The Flaming Lips formed in Oklahoma City, Oklahoma in 1983 with Wayne Coyne’s brother Mark singing lead vocals and Michael Ivins on bass guitar. Their sound contains lush, multi-layered, psychedelic rock arrangements, but their compositions include a variety of elements from space rock to post rock. How they “doing it” the original songs of Pink Floyd it’s just another brilliant example of genius.
The Flaming Lips – Official Site


This project was put together by Luiz Félix, guitarist and vocalist of the band La Pupuña, who basically had the idea to remake “The Dark Side of the Moon” but with a strong “paraense” influence and the album has contributions from fifteen members of the paraense music scene. “Charque Side of the Moon”, is Floyd’s proto-ambient classic covered by musicians from the city of Belem in the state of Pará in Amazonia.The “charque” refered to in the title is a type of beef jerky that is eaten but is also an affectionate name for the female genitalia, hence the charming cover. Perhaps most interestingly it has the vocal talents of Gaby Amarantos – a technobrega singer from the band Tecnoshow, on “The great gig in the sky”. “Time” also has some nice heavy percusssion from the carimbó group, Os Baioaras, and “Any colour you like” has merengue percussion, for you music anthropologists out there. It has a distinct Paraense flavor, a sound which starting to come into its own now and is worth investigating further. “Charque Side of the Moon” is a colorful reinterpretation, definitively it worth a listening.
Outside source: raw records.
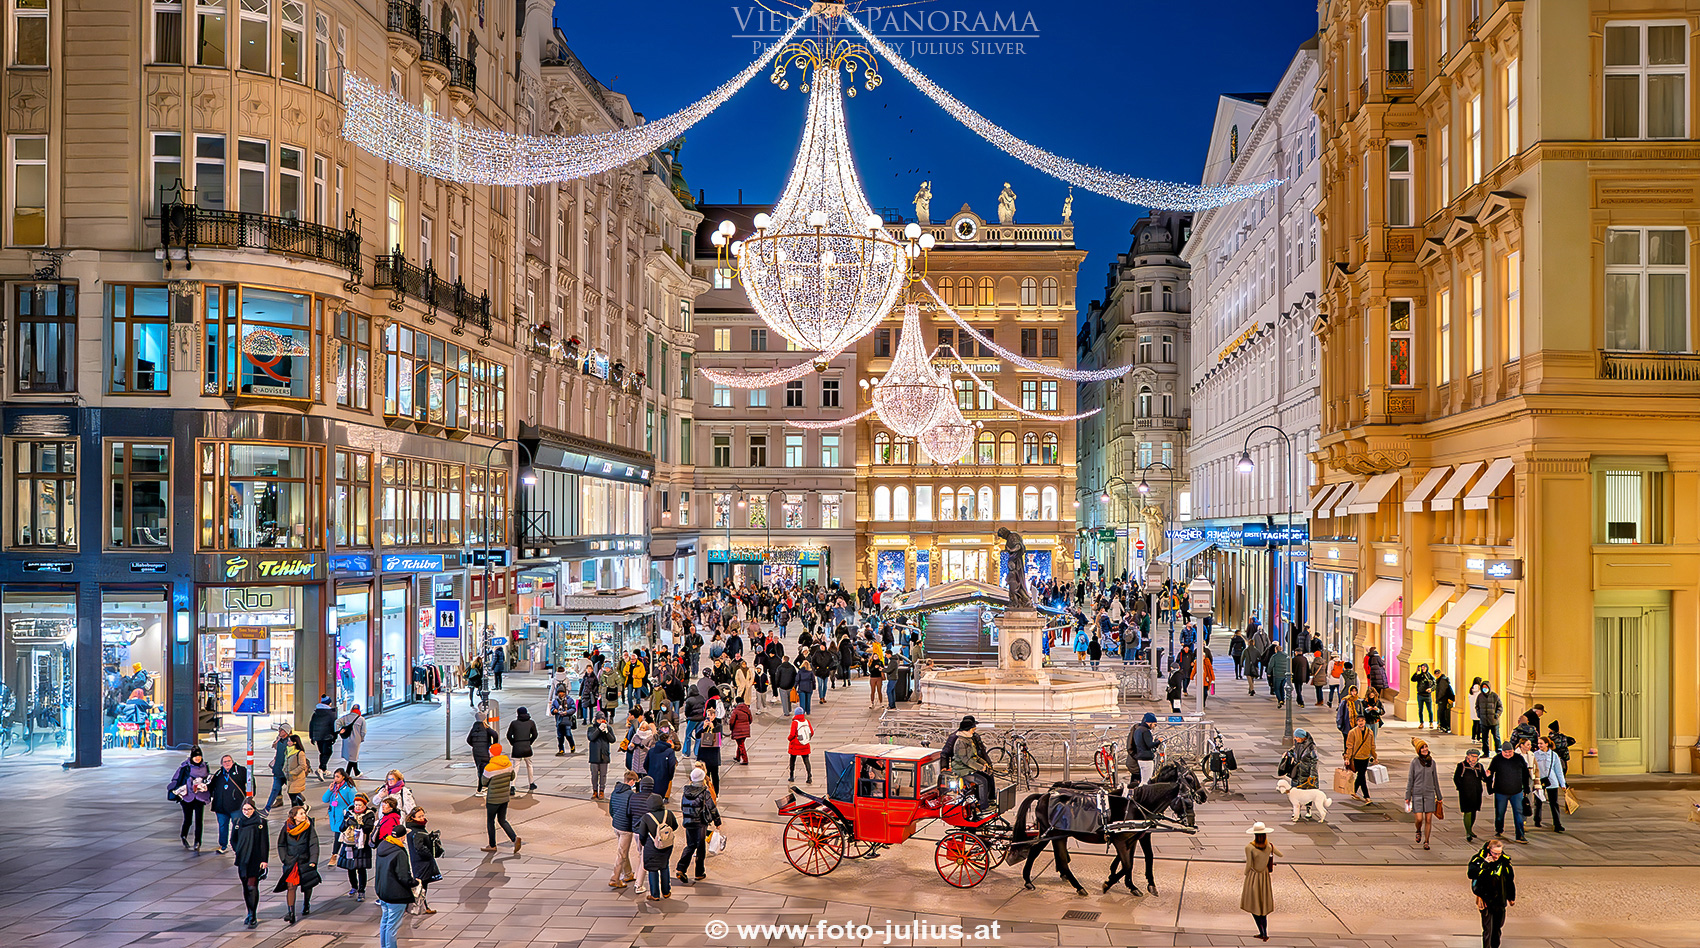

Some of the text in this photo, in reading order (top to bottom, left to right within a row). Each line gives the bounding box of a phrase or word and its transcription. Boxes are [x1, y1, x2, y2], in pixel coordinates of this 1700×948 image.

[932, 364, 958, 372] LOIS
[258, 560, 317, 576] Tchibo
[402, 560, 440, 570] Tchibo
[224, 588, 272, 611] Qbo
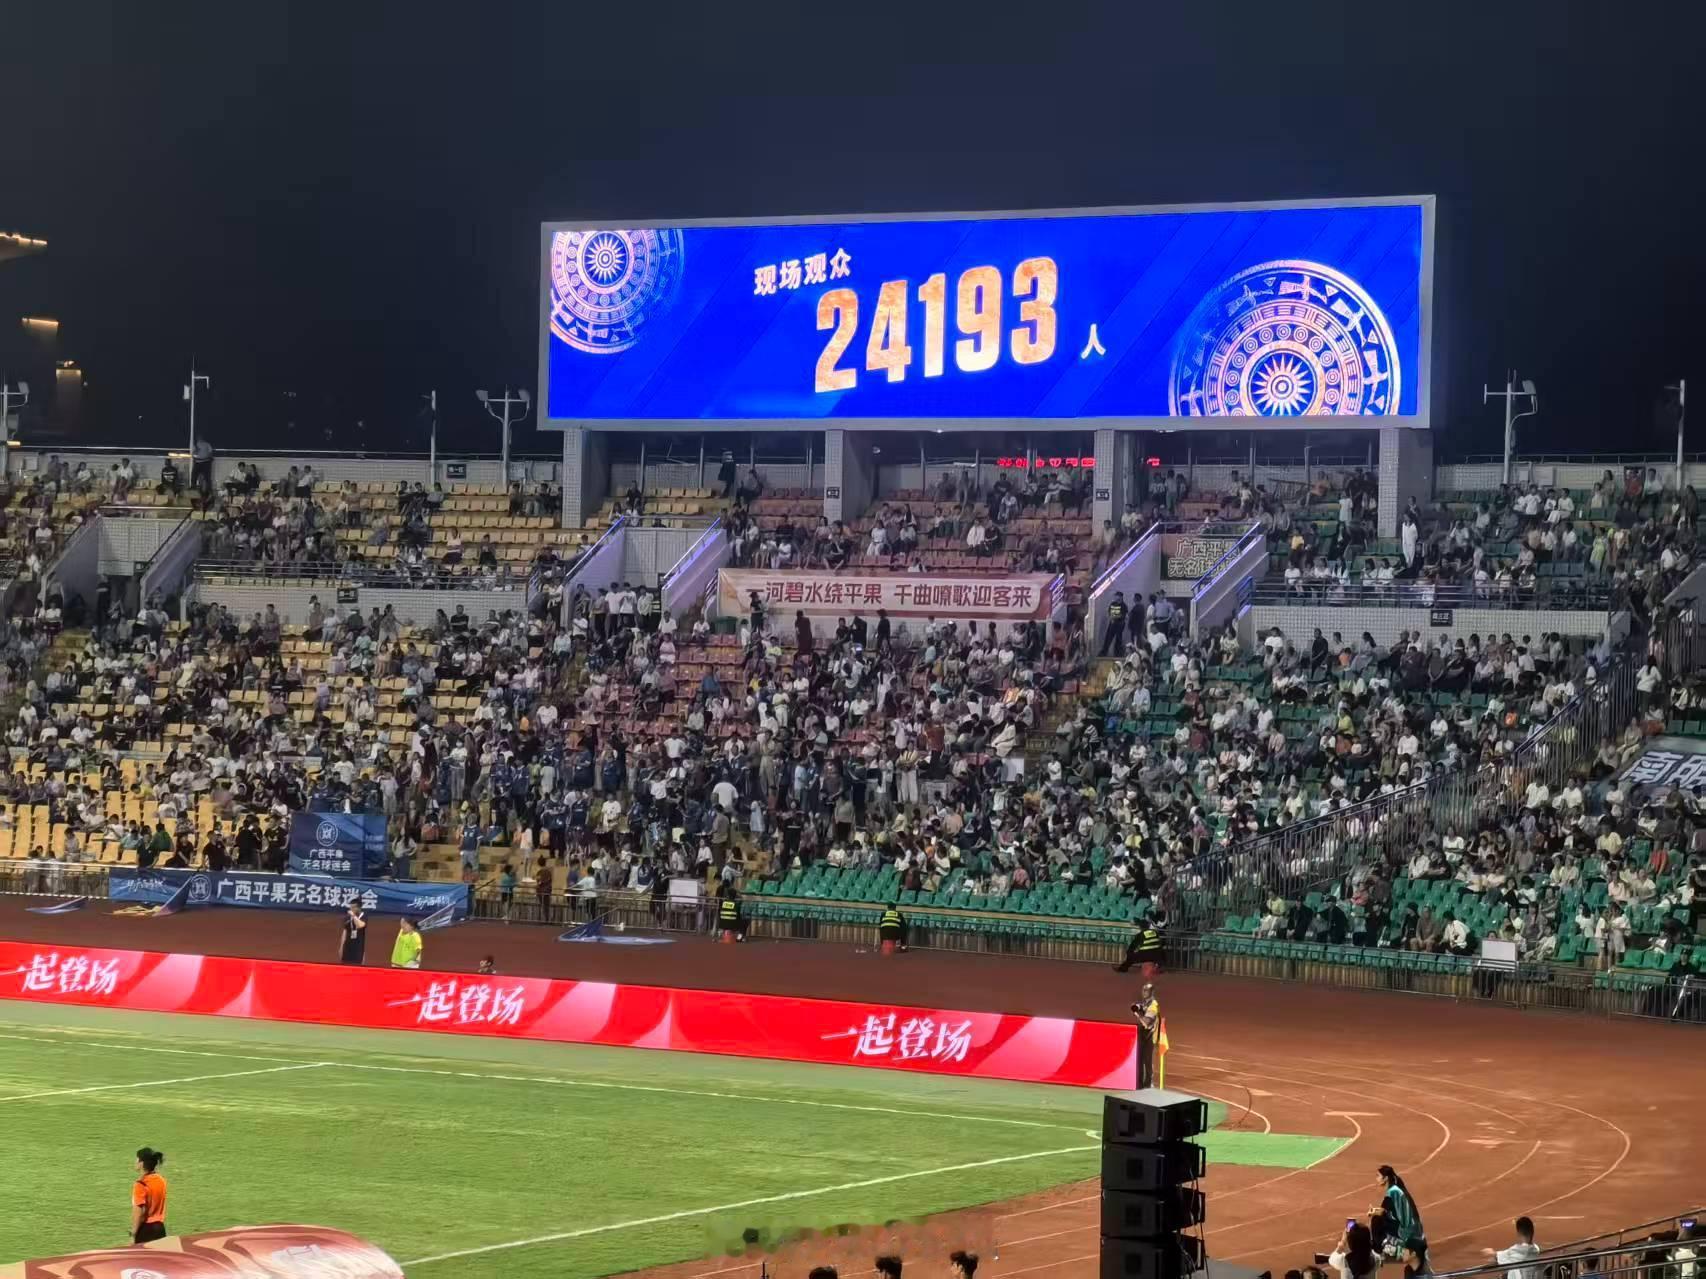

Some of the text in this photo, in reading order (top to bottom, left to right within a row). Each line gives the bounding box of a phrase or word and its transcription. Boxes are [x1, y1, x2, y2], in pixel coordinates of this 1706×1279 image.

[753, 247, 852, 297] 现场观众
[814, 256, 1107, 394] 24193 人
[745, 581, 1032, 608] 一河碧水绕平果 千曲嘹歌迎客来
[302, 859, 352, 872] 无名球迷会
[216, 877, 378, 910] 广西平果无名球迷会
[0, 952, 120, 995] 一起登场
[387, 980, 525, 1024] 一起登场
[820, 1012, 972, 1062] 一起登场
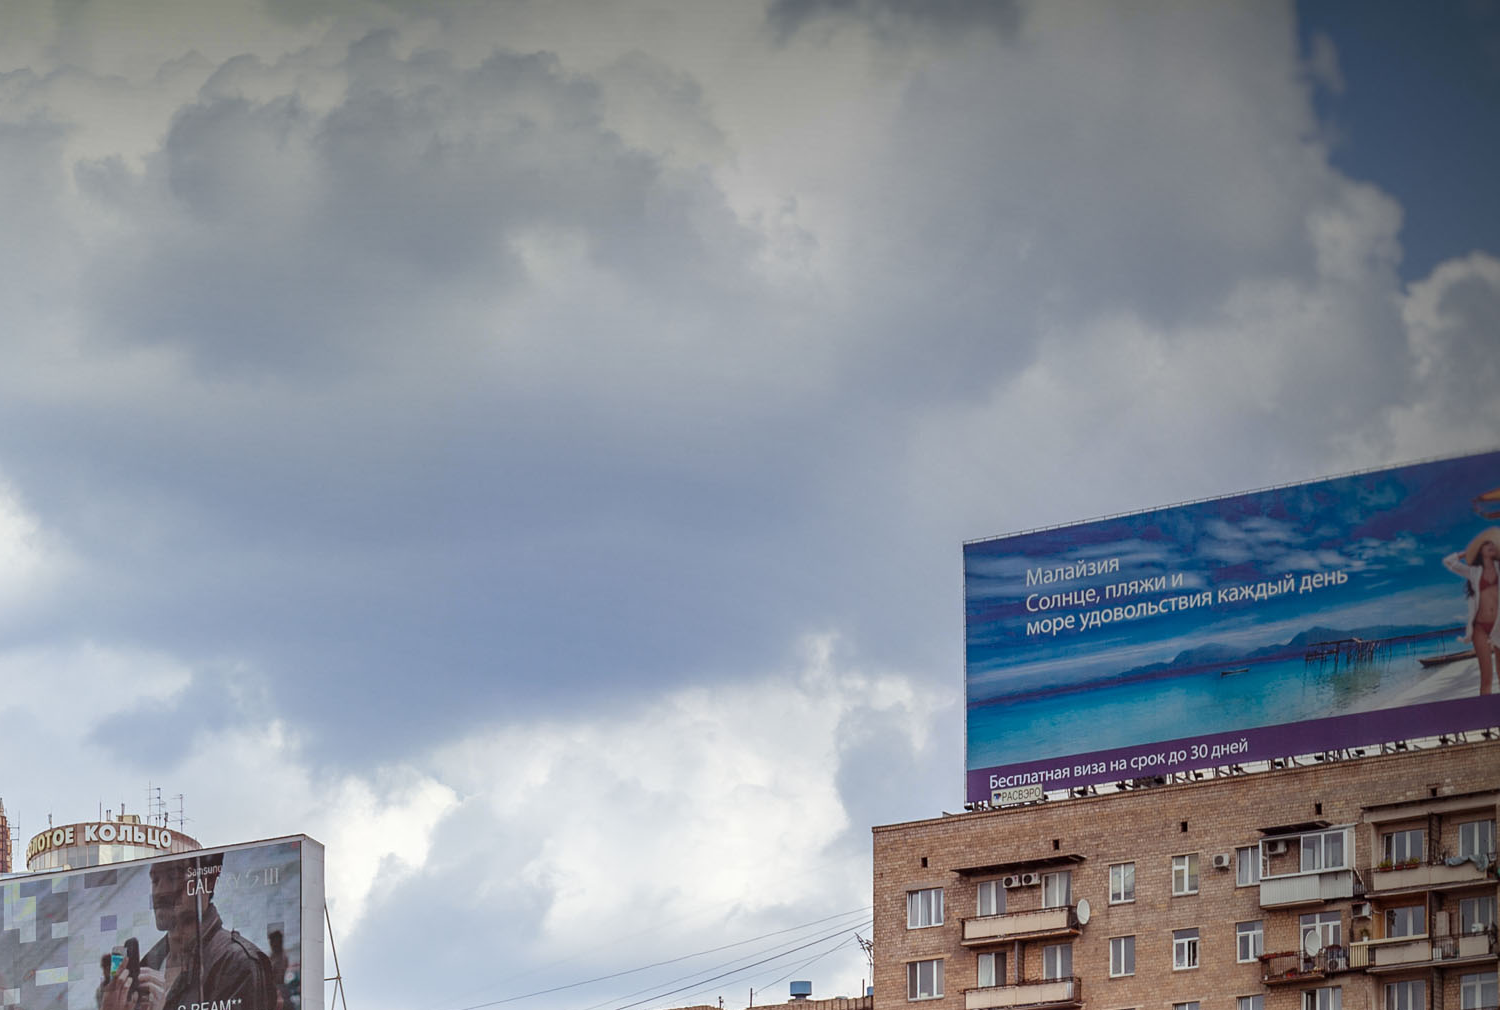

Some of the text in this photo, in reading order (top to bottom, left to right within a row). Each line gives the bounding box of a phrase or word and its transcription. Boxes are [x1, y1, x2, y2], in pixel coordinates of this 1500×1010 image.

[1025, 557, 1120, 587] Малайзия
[1025, 573, 1184, 613] Солнце, пляжи и
[1025, 568, 1349, 637] море удовольствия каждый день
[989, 738, 1250, 789] Бесплатная виза на срок до 30 дней
[1001, 786, 1041, 802] РАСВЭРО
[85, 824, 173, 849] КОЛЬЦО
Charque Side of the Moon – on

On October 11, 2005, Dream Theater covered Pink Floyd’s “The Dark Side of the Moon”. Dream Theater’s official webpage stated that the second sets of the second nights in Amsterdam, London, Buenos Aires, São Paulo and Tokyo (October 11, October 25, December 4, December 11 and January 13 respectively), and also the second set of the January 15 show in Osaka, would be a classic album covered in its entirety. The Dark Side of the Moon was played again on October 25 in London. This is actually a very nice bootleg entitled “The Dark Side of the Dream”. I know, I know! Some people dislike these guys, other loves them and I admit, I’m somewhere in between. Dream Theater has covered other artists’ work throughout their career and mainly I love how they did it. They covered Metallica’s “Master of Puppets” album, Iron Maiden’s “The Number of the Beast” and couple of other songs from different artists including Elton John, Deep Purple, Led Zeppelin, Queen, Pink Floyd, Genesis, Journey, Kansas, Marillion, Rush and Dixie Dregs. This live reinterpretation of “The Dark Side of the Moon” at least instrumentally it’s brilliant. It may be subject of discussions how James LaBrie vocal style and approach fits or not into this, but honestly, I appreciate they effort and this is a beautiful and precise, professional version, a true homage.

Dream Theater – Official Site

And this is not everything, for sure I miss some. 🙂 There’s also a nice string quartet version of the album released in 2004, a trance remix from 2001 and not the album entirely, but many songs from “The Dark Side of the Moon” were covered or reinterpreted by several artists in different styles and approaches from disco to industrial and from punk to jazz. “The Dark Side of the Moon” remains a shining piece of the music history and from time to time artist will refer to it, adding or taking from its original shine.